City | Bethesda, Maryland |
---|---|
Broadcast area | Metro Washington area |
Branding | "SportsTalk 570" |
Slogan | "Powered by ESPN" |
Frequency | 570 (kHz) (also on HD Radio) |
First air date | April 9, 2001 |
Format | Sports/talk |
Power | 5,000 watts (day) 1,000 watts (night) |
Class | B |
Facility ID | 11846 |
Transmitter coordinates | 39°8′3.0″N 77°18′14.0″W / 39.134167°N 77.303889°W |
Callsign meaning | W-"SPort(Z)Talk 570" |
Former callsigns | 2001–2010: WTNT 1998–2001: WWRC 1992–1998: WTEM 1948–1992: WGMS |
Affiliations |
ESPN Radio SB Nation Radio |
Owner |
Red Zebra Broadcasting (Red Zebra Broadcasting Licensee, LLC) |
Sister stations | WTEM |
Webcast | Listen Live |
Website | sportstalk570 |
WSPZ (570 AM) — branded SportsTalk 570 — is a sports radio station licensed to Bethesda, Maryland and serving the Washington metro area.
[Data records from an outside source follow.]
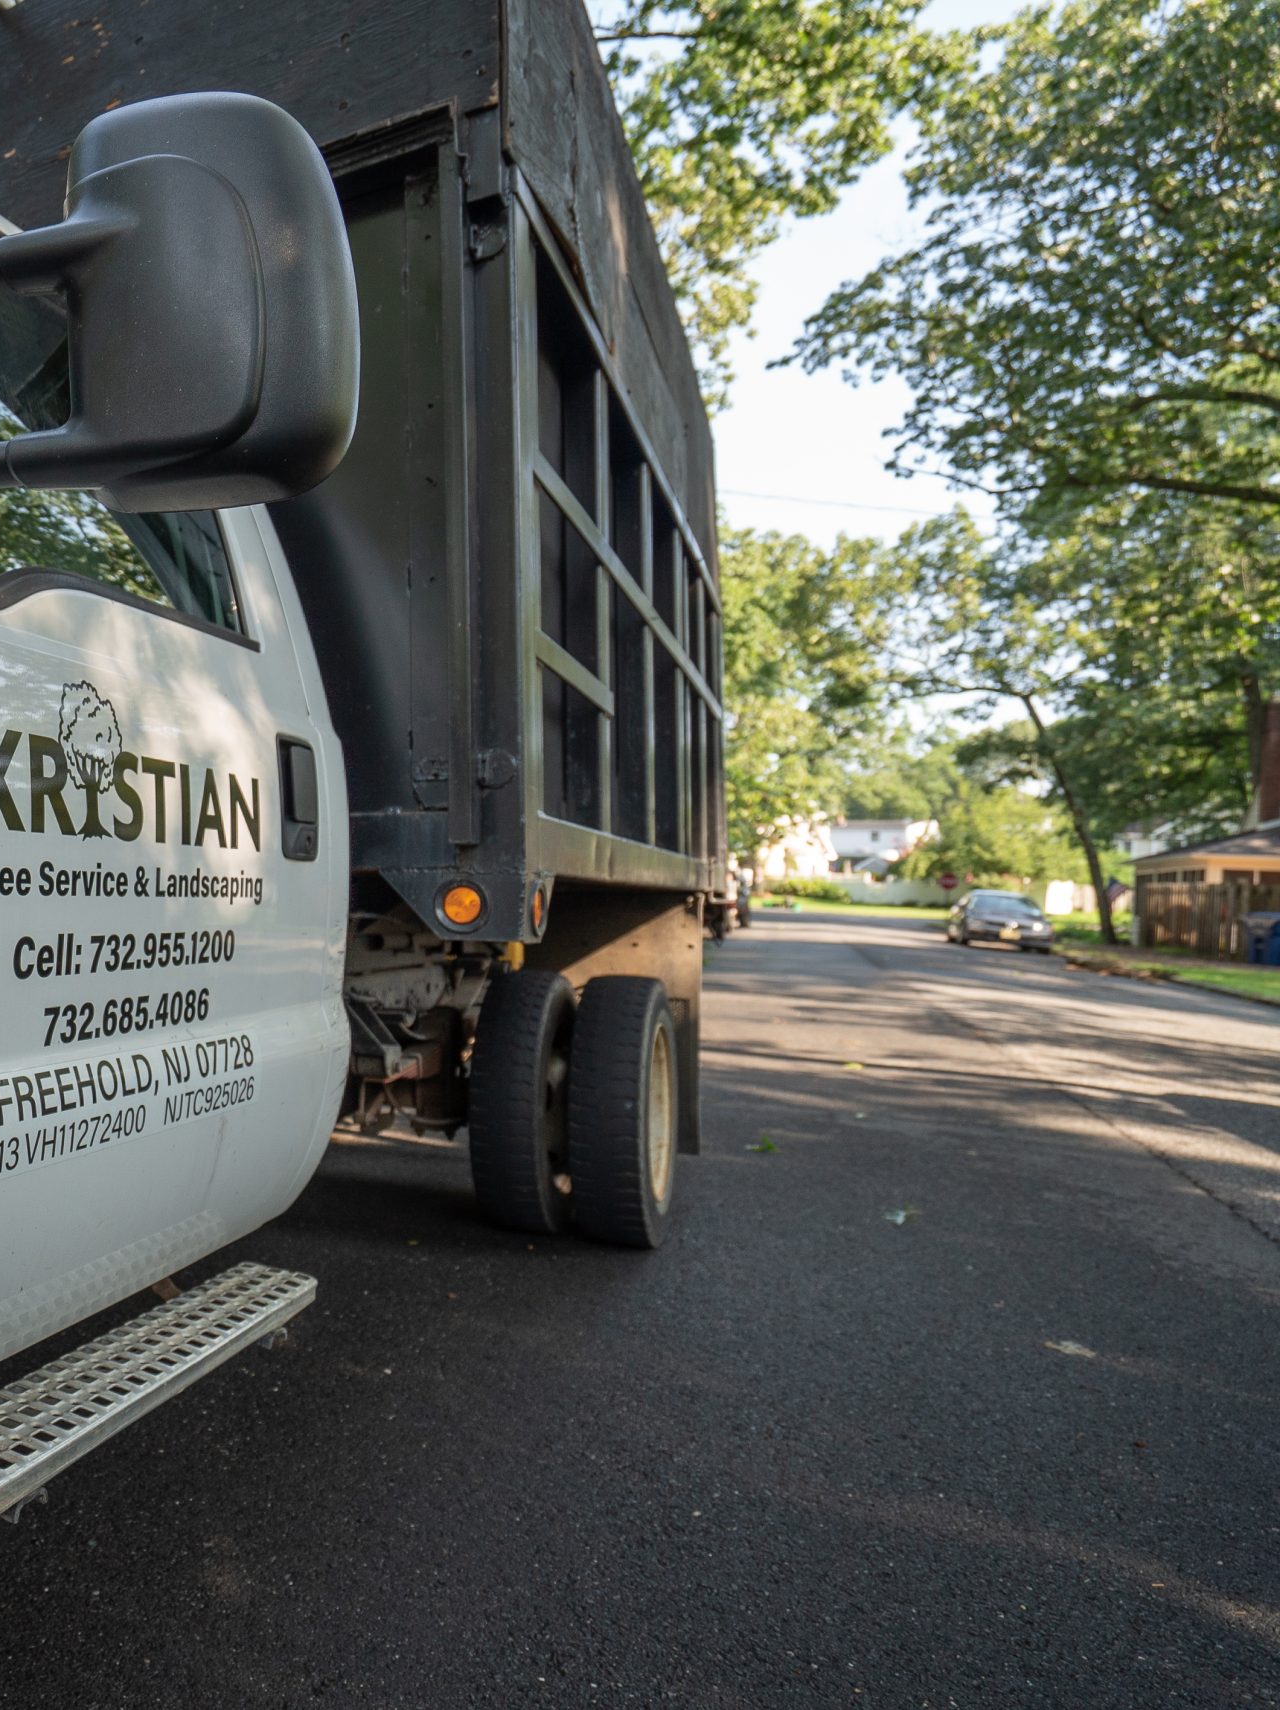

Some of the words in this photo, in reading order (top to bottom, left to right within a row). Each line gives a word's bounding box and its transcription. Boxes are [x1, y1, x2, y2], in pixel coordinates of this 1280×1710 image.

[39, 861, 128, 897] Service
[134, 865, 150, 897] &
[155, 867, 263, 905] Landscaping
[13, 933, 82, 980] Cell:
[89, 929, 236, 974] 732.955.1200
[43, 988, 210, 1047] 732.685.4086
[161, 1045, 191, 1086] NJ
[195, 1034, 255, 1078] 07728
[163, 1076, 255, 1126] NJTC925026
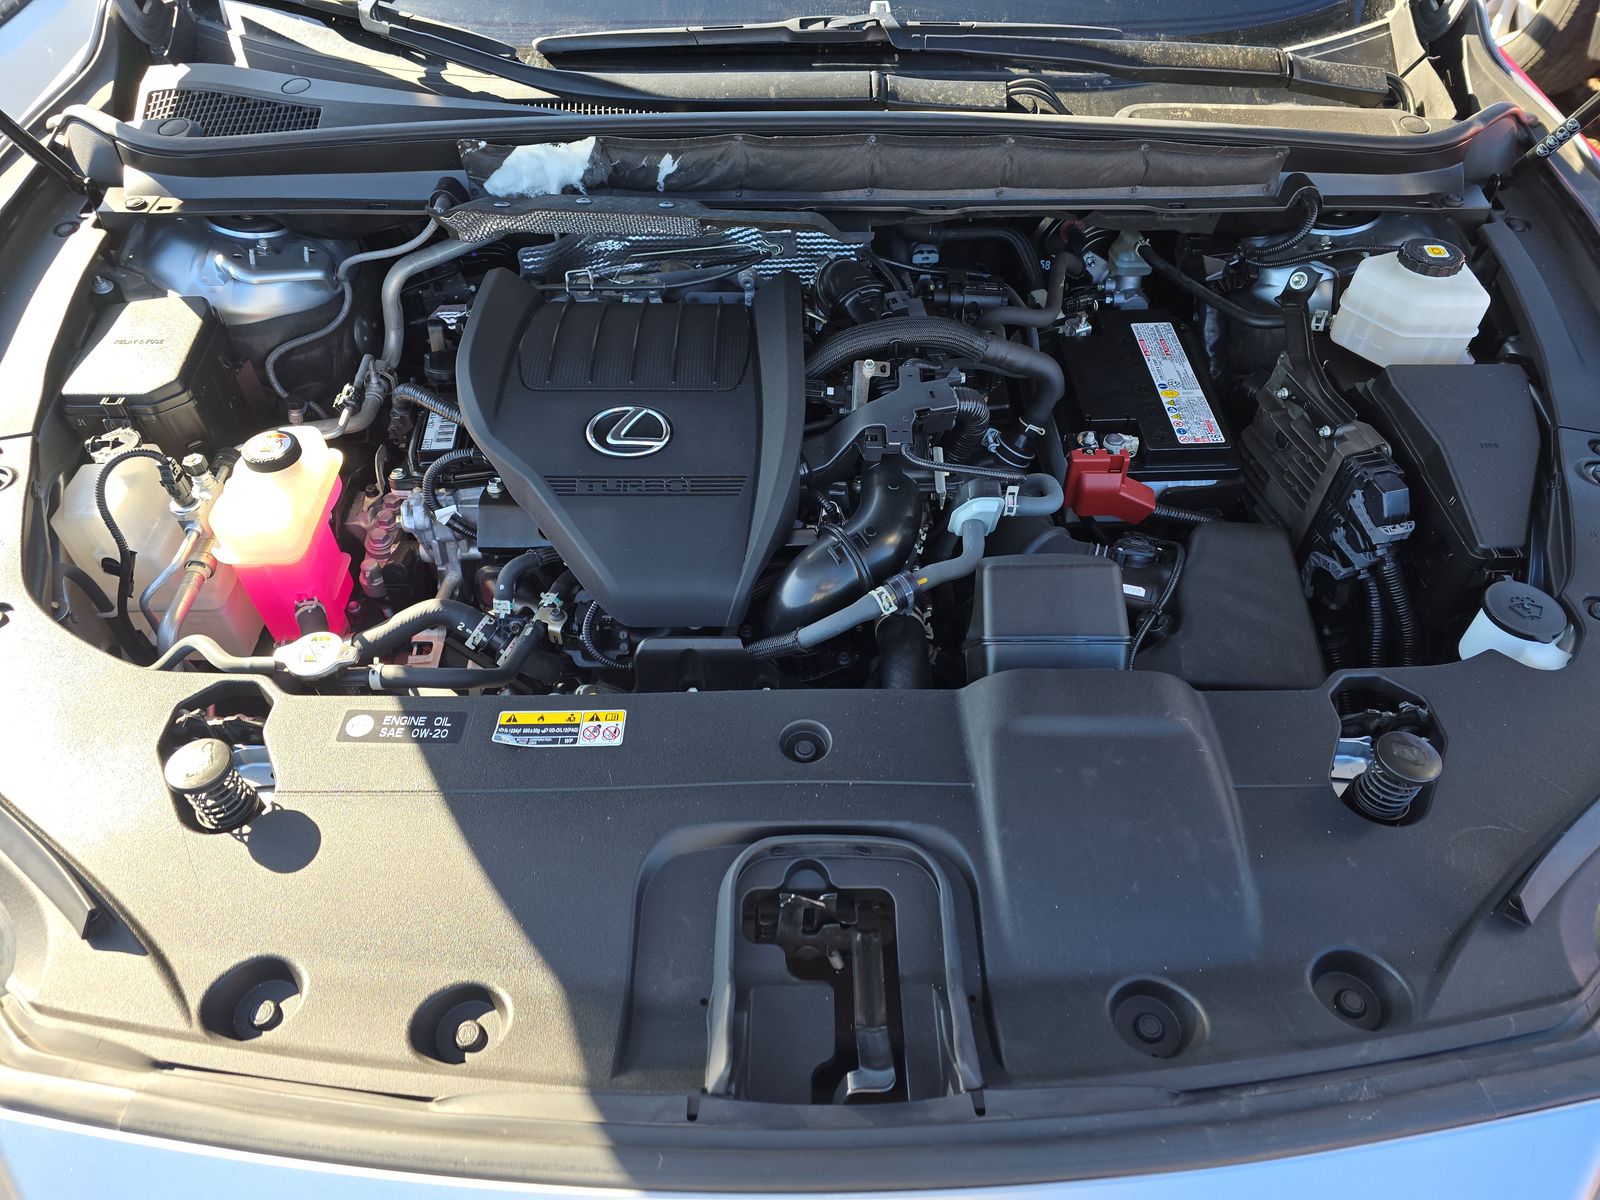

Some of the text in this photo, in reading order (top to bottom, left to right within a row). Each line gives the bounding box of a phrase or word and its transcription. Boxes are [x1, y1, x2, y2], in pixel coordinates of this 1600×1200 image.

It has a daytime power of 5,000 watts from a transmitter in Germantown, Maryland.
WSPZ's current programming is sports radio, chiefly as an all-network complement to sister station WTEM. It is the flagship for SB Nation Radio's morning show hosted by WTEM afternoon personality Steve Czaban, and carries the ESPN Radio programming lineup throughout the rest of the day, while WTEM has an all-local lineup. WSPZ also airs Virginia Cavaliers football and select Baltimore Orioles games not aired on WTEM.
WSPZ and WTEM are owned by Red Zebra Broadcasting, a broadcasting firm owned by Daniel Snyder, owner of the Washington Redskins.
In the 1960s through the early 1990s, WSPZ was WGMS, broadcasting classical music. A proposal in the 1970s to convert WGMS to a Top-40 station upset many of its influential listeners; WGMS received an exception from the then-existing rule to simulcast its programming with its sister station, WGMS-FM.
WGMS was sold to Washington, D.C. venture capitalists Steven and Mitchell Rales, which converted the music station into WTEM, a sports-talk station, on May 24, 1992. Chancellor Broadcasting purchased the station in August 1996. Chancellor Broadcasting restructured and became known as AMFM Inc. in 1999. In 2000, AMFM Inc. merged with Clear Channel Communications.